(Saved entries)
┌────────
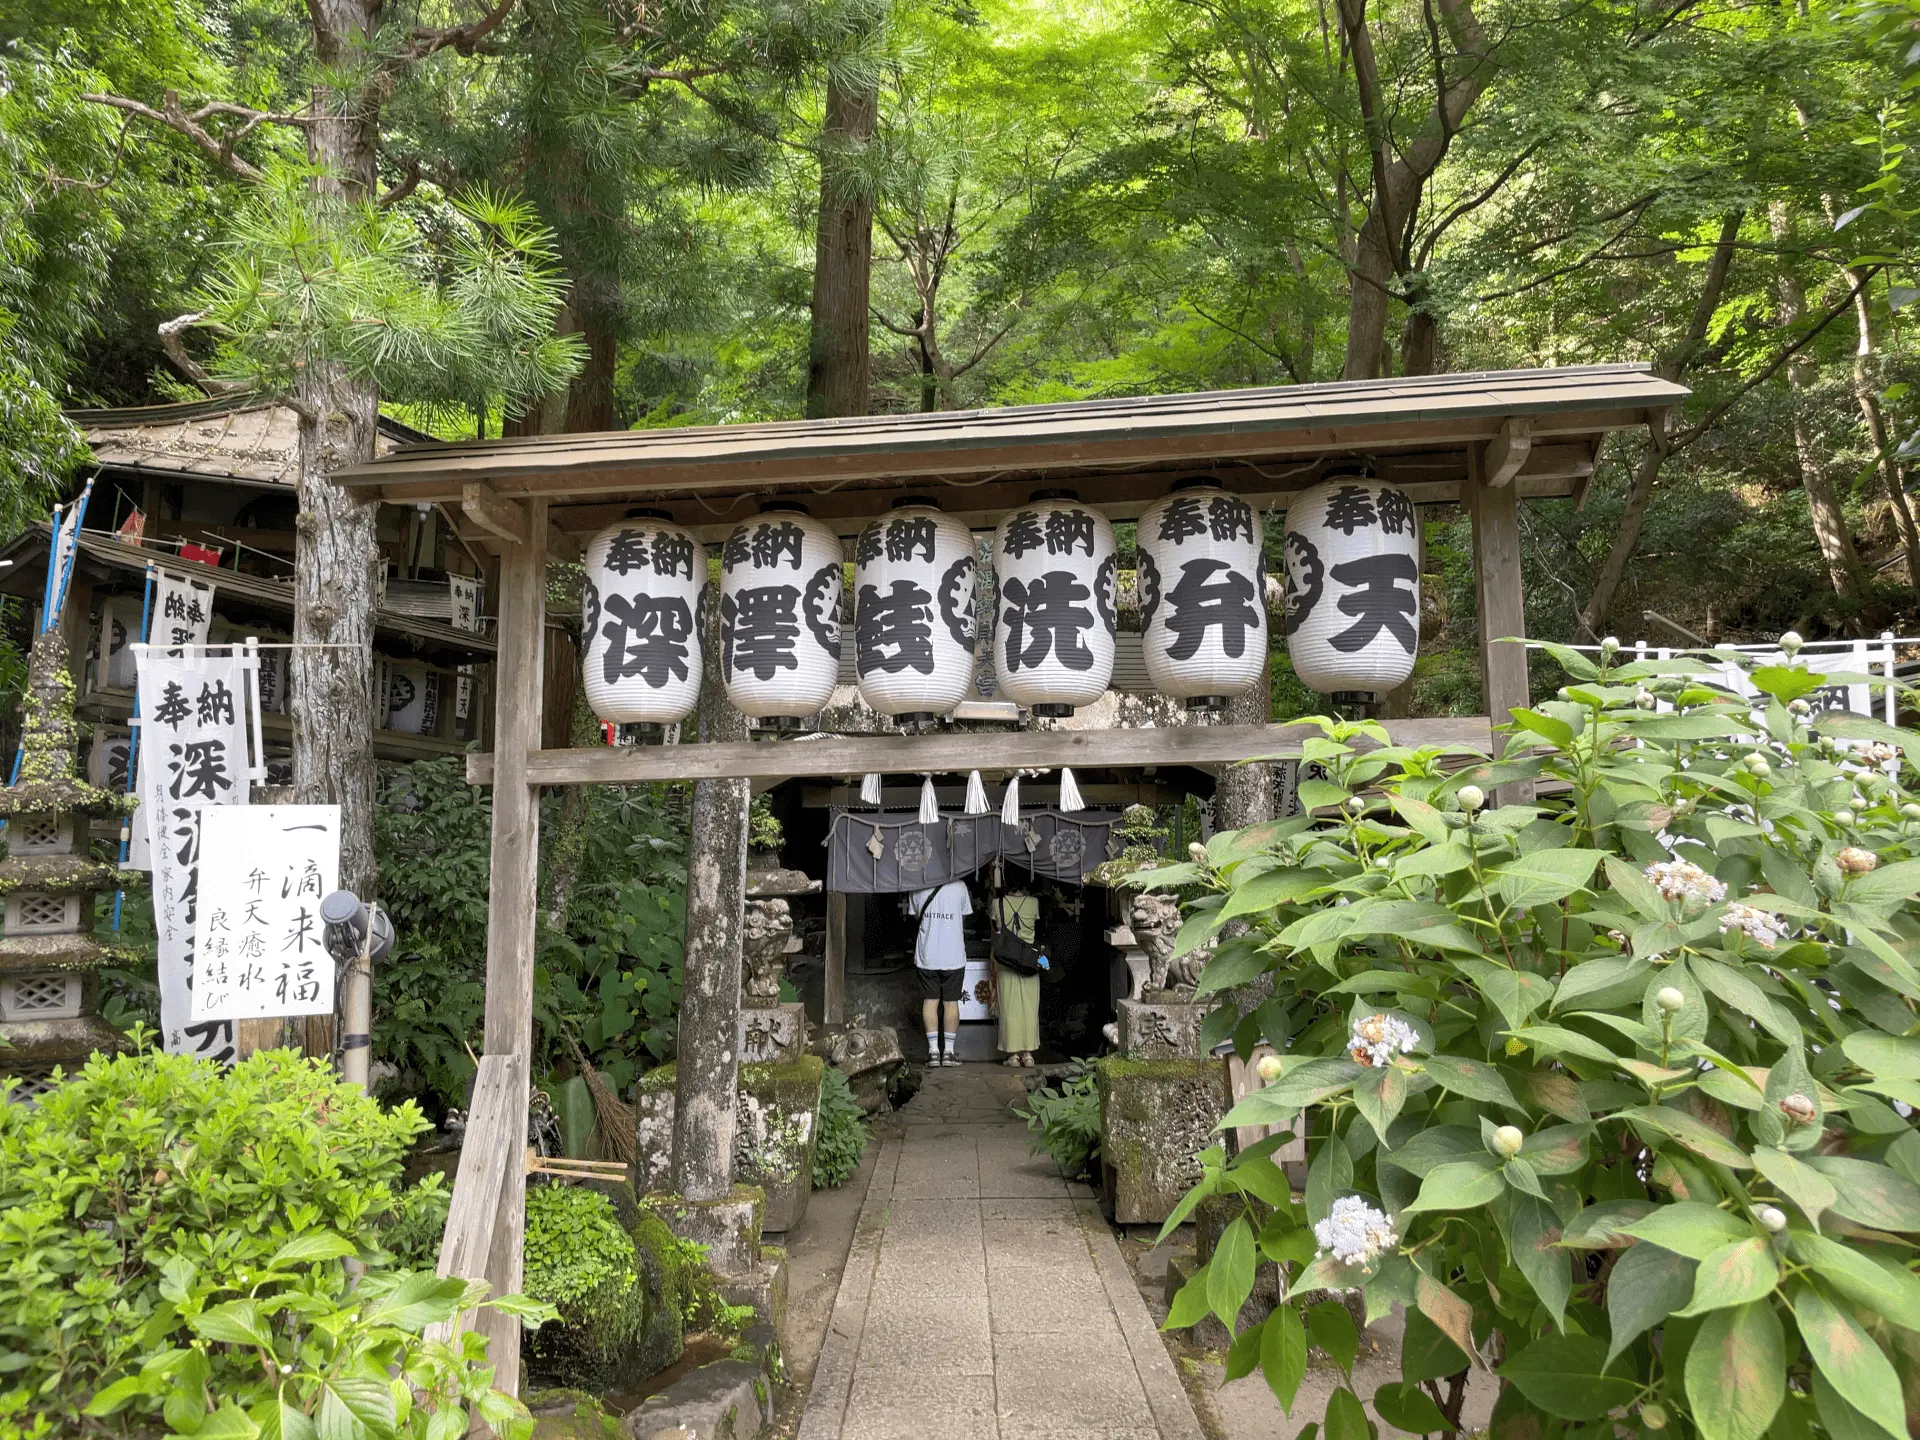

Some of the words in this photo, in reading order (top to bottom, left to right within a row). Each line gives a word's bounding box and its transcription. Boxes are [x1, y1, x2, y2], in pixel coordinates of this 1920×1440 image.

[1003, 510, 1095, 559] 奉納
[1158, 497, 1254, 545] 奉納
[1322, 486, 1416, 539] 奉納
[604, 529, 694, 581] 奉納
[723, 522, 805, 574] 奉納
[856, 517, 938, 570] 奉納
[454, 584, 474, 603] 奉納
[1164, 558, 1260, 661] 弁
[1327, 554, 1418, 655] 天
[603, 592, 694, 688] 深
[1002, 571, 1095, 673] 洗
[154, 679, 235, 733] 奉納
[238, 867, 270, 990] 弁天癒水
[274, 825, 328, 1004] 一滴来福
[202, 908, 231, 1009] 良縁結び
└────────
=== Prompt ===
Your copy should match the data above exactly, apart from the pictures.

=== Answer ===
Some of the words in this photo, in reading order (top to bottom, left to right within a row). Each line gives a word's bounding box and its transcription. Boxes are [x1, y1, x2, y2], in pixel coordinates of this 1920×1440 image.

[1003, 510, 1095, 559] 奉納
[1158, 497, 1254, 545] 奉納
[1322, 486, 1416, 539] 奉納
[604, 529, 694, 581] 奉納
[723, 522, 805, 574] 奉納
[856, 517, 938, 570] 奉納
[454, 584, 474, 603] 奉納
[1164, 558, 1260, 661] 弁
[1327, 554, 1418, 655] 天
[603, 592, 694, 688] 深
[1002, 571, 1095, 673] 洗
[154, 679, 235, 733] 奉納
[238, 867, 270, 990] 弁天癒水
[274, 825, 328, 1004] 一滴来福
[202, 908, 231, 1009] 良縁結び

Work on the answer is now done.